### [INPUT MATERIAL]
== Segment start ==
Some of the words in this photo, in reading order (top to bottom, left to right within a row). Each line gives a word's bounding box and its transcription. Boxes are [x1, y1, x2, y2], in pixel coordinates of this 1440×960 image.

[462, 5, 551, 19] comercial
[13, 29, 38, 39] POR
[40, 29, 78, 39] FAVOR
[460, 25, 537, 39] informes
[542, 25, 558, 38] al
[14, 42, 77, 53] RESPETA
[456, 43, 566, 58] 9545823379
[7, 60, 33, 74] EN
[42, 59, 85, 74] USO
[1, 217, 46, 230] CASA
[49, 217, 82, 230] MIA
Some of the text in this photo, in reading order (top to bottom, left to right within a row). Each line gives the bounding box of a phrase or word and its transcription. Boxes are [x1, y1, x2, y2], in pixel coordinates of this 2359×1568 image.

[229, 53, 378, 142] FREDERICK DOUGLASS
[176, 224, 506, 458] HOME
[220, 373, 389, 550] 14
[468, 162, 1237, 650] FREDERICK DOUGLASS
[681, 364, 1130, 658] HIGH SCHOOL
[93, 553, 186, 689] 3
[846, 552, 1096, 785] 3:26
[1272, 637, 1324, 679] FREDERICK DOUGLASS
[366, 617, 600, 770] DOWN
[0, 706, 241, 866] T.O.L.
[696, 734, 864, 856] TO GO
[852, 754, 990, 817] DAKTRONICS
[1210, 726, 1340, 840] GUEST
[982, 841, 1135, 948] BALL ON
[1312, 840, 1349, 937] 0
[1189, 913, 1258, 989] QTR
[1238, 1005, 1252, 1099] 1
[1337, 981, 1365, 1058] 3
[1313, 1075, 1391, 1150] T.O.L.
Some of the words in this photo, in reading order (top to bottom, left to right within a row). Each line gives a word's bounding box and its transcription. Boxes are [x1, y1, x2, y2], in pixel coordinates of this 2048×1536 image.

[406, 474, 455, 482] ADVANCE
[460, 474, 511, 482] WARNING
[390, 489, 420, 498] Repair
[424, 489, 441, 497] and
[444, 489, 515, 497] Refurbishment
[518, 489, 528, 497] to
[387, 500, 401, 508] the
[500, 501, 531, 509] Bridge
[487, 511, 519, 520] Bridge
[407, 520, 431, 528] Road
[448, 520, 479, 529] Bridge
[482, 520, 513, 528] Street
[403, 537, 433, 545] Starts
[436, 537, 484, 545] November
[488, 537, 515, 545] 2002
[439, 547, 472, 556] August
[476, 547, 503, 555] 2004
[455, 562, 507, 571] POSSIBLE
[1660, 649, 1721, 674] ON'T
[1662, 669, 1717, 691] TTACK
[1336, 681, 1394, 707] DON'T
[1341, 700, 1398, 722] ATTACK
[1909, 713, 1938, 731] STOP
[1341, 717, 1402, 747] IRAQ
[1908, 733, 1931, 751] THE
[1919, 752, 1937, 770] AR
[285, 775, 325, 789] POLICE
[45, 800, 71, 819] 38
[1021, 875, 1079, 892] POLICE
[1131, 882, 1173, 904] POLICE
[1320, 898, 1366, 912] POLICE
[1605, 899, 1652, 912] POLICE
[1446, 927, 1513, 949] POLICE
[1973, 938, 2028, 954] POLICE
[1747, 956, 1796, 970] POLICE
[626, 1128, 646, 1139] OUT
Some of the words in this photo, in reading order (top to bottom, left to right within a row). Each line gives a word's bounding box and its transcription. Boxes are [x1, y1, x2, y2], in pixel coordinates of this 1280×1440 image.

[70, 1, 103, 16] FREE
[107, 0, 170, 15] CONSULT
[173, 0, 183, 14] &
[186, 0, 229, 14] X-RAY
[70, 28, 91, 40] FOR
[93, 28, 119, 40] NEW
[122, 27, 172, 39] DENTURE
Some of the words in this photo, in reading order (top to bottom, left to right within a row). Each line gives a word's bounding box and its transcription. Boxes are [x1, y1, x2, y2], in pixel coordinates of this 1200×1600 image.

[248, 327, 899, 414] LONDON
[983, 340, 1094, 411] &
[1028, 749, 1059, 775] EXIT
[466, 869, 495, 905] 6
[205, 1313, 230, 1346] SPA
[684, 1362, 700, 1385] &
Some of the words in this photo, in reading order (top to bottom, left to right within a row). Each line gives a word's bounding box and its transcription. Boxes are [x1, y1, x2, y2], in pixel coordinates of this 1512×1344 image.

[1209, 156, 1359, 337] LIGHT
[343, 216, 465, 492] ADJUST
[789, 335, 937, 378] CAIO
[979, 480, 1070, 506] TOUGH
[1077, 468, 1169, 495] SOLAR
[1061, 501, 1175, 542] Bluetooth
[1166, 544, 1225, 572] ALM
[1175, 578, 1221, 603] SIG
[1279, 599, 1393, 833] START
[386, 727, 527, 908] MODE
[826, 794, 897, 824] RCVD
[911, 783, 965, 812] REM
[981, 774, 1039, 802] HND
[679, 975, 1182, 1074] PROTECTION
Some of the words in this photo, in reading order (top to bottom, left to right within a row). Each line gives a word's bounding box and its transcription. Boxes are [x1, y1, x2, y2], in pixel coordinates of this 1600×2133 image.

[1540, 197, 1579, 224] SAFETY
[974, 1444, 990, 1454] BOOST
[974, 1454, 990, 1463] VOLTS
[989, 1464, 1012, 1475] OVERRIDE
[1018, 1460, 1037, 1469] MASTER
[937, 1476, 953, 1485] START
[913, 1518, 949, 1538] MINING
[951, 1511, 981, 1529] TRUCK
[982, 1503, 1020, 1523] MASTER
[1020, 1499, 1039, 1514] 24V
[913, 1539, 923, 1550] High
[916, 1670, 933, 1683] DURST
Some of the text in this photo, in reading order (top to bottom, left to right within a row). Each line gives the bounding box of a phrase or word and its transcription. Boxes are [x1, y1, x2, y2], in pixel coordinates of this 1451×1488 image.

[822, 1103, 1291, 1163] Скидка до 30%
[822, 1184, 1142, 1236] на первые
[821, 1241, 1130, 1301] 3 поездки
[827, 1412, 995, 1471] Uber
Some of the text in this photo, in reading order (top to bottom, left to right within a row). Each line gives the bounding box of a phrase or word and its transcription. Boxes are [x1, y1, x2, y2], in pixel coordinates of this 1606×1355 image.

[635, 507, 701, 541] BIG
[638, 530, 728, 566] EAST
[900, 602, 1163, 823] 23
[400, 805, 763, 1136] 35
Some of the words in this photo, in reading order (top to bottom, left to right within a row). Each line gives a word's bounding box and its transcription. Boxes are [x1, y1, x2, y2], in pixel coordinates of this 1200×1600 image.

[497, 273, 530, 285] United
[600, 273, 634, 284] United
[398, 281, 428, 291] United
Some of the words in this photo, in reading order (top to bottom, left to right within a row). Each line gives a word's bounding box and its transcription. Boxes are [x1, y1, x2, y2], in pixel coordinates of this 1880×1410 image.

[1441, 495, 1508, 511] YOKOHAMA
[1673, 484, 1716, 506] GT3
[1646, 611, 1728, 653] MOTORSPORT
== Segment end ==
### [YOUR GOAL]
When you answer, repeat all of the material exactly as given.

### [YOUR RESPONSE]
Some of the words in this photo, in reading order (top to bottom, left to right within a row). Each line gives a word's bounding box and its transcription. Boxes are [x1, y1, x2, y2], in pixel coordinates of this 1440×960 image.

[462, 5, 551, 19] comercial
[13, 29, 38, 39] POR
[40, 29, 78, 39] FAVOR
[460, 25, 537, 39] informes
[542, 25, 558, 38] al
[14, 42, 77, 53] RESPETA
[456, 43, 566, 58] 9545823379
[7, 60, 33, 74] EN
[42, 59, 85, 74] USO
[1, 217, 46, 230] CASA
[49, 217, 82, 230] MIA
Some of the text in this photo, in reading order (top to bottom, left to right within a row). Each line gives the bounding box of a phrase or word and its transcription. Boxes are [x1, y1, x2, y2], in pixel coordinates of this 2359×1568 image.

[229, 53, 378, 142] FREDERICK DOUGLASS
[176, 224, 506, 458] HOME
[220, 373, 389, 550] 14
[468, 162, 1237, 650] FREDERICK DOUGLASS
[681, 364, 1130, 658] HIGH SCHOOL
[93, 553, 186, 689] 3
[846, 552, 1096, 785] 3:26
[1272, 637, 1324, 679] FREDERICK DOUGLASS
[366, 617, 600, 770] DOWN
[0, 706, 241, 866] T.O.L.
[696, 734, 864, 856] TO GO
[852, 754, 990, 817] DAKTRONICS
[1210, 726, 1340, 840] GUEST
[982, 841, 1135, 948] BALL ON
[1312, 840, 1349, 937] 0
[1189, 913, 1258, 989] QTR
[1238, 1005, 1252, 1099] 1
[1337, 981, 1365, 1058] 3
[1313, 1075, 1391, 1150] T.O.L.
Some of the words in this photo, in reading order (top to bottom, left to right within a row). Each line gives a word's bounding box and its transcription. Boxes are [x1, y1, x2, y2], in pixel coordinates of this 2048×1536 image.

[406, 474, 455, 482] ADVANCE
[460, 474, 511, 482] WARNING
[390, 489, 420, 498] Repair
[424, 489, 441, 497] and
[444, 489, 515, 497] Refurbishment
[518, 489, 528, 497] to
[387, 500, 401, 508] the
[500, 501, 531, 509] Bridge
[487, 511, 519, 520] Bridge
[407, 520, 431, 528] Road
[448, 520, 479, 529] Bridge
[482, 520, 513, 528] Street
[403, 537, 433, 545] Starts
[436, 537, 484, 545] November
[488, 537, 515, 545] 2002
[439, 547, 472, 556] August
[476, 547, 503, 555] 2004
[455, 562, 507, 571] POSSIBLE
[1660, 649, 1721, 674] ON'T
[1662, 669, 1717, 691] TTACK
[1336, 681, 1394, 707] DON'T
[1341, 700, 1398, 722] ATTACK
[1909, 713, 1938, 731] STOP
[1341, 717, 1402, 747] IRAQ
[1908, 733, 1931, 751] THE
[1919, 752, 1937, 770] AR
[285, 775, 325, 789] POLICE
[45, 800, 71, 819] 38
[1021, 875, 1079, 892] POLICE
[1131, 882, 1173, 904] POLICE
[1320, 898, 1366, 912] POLICE
[1605, 899, 1652, 912] POLICE
[1446, 927, 1513, 949] POLICE
[1973, 938, 2028, 954] POLICE
[1747, 956, 1796, 970] POLICE
[626, 1128, 646, 1139] OUT
Some of the words in this photo, in reading order (top to bottom, left to right within a row). Each line gives a word's bounding box and its transcription. Boxes are [x1, y1, x2, y2], in pixel coordinates of this 1280×1440 image.

[70, 1, 103, 16] FREE
[107, 0, 170, 15] CONSULT
[173, 0, 183, 14] &
[186, 0, 229, 14] X-RAY
[70, 28, 91, 40] FOR
[93, 28, 119, 40] NEW
[122, 27, 172, 39] DENTURE
Some of the words in this photo, in reading order (top to bottom, left to right within a row). Each line gives a word's bounding box and its transcription. Boxes are [x1, y1, x2, y2], in pixel coordinates of this 1200×1600 image.

[248, 327, 899, 414] LONDON
[983, 340, 1094, 411] &
[1028, 749, 1059, 775] EXIT
[466, 869, 495, 905] 6
[205, 1313, 230, 1346] SPA
[684, 1362, 700, 1385] &
Some of the words in this photo, in reading order (top to bottom, left to right within a row). Each line gives a word's bounding box and its transcription. Boxes are [x1, y1, x2, y2], in pixel coordinates of this 1512×1344 image.

[1209, 156, 1359, 337] LIGHT
[343, 216, 465, 492] ADJUST
[789, 335, 937, 378] CAIO
[979, 480, 1070, 506] TOUGH
[1077, 468, 1169, 495] SOLAR
[1061, 501, 1175, 542] Bluetooth
[1166, 544, 1225, 572] ALM
[1175, 578, 1221, 603] SIG
[1279, 599, 1393, 833] START
[386, 727, 527, 908] MODE
[826, 794, 897, 824] RCVD
[911, 783, 965, 812] REM
[981, 774, 1039, 802] HND
[679, 975, 1182, 1074] PROTECTION
Some of the words in this photo, in reading order (top to bottom, left to right within a row). Each line gives a word's bounding box and its transcription. Boxes are [x1, y1, x2, y2], in pixel coordinates of this 1600×2133 image.

[1540, 197, 1579, 224] SAFETY
[974, 1444, 990, 1454] BOOST
[974, 1454, 990, 1463] VOLTS
[989, 1464, 1012, 1475] OVERRIDE
[1018, 1460, 1037, 1469] MASTER
[937, 1476, 953, 1485] START
[913, 1518, 949, 1538] MINING
[951, 1511, 981, 1529] TRUCK
[982, 1503, 1020, 1523] MASTER
[1020, 1499, 1039, 1514] 24V
[913, 1539, 923, 1550] High
[916, 1670, 933, 1683] DURST
Some of the text in this photo, in reading order (top to bottom, left to right within a row). Each line gives the bounding box of a phrase or word and its transcription. Boxes are [x1, y1, x2, y2], in pixel coordinates of this 1451×1488 image.

[822, 1103, 1291, 1163] Скидка до 30%
[822, 1184, 1142, 1236] на первые
[821, 1241, 1130, 1301] 3 поездки
[827, 1412, 995, 1471] Uber
Some of the text in this photo, in reading order (top to bottom, left to right within a row). Each line gives the bounding box of a phrase or word and its transcription. Boxes are [x1, y1, x2, y2], in pixel coordinates of this 1606×1355 image.

[635, 507, 701, 541] BIG
[638, 530, 728, 566] EAST
[900, 602, 1163, 823] 23
[400, 805, 763, 1136] 35
Some of the words in this photo, in reading order (top to bottom, left to right within a row). Each line gives a word's bounding box and its transcription. Boxes are [x1, y1, x2, y2], in pixel coordinates of this 1200×1600 image.

[497, 273, 530, 285] United
[600, 273, 634, 284] United
[398, 281, 428, 291] United
Some of the words in this photo, in reading order (top to bottom, left to right within a row). Each line gives a word's bounding box and its transcription. Boxes are [x1, y1, x2, y2], in pixel coordinates of this 1880×1410 image.

[1441, 495, 1508, 511] YOKOHAMA
[1673, 484, 1716, 506] GT3
[1646, 611, 1728, 653] MOTORSPORT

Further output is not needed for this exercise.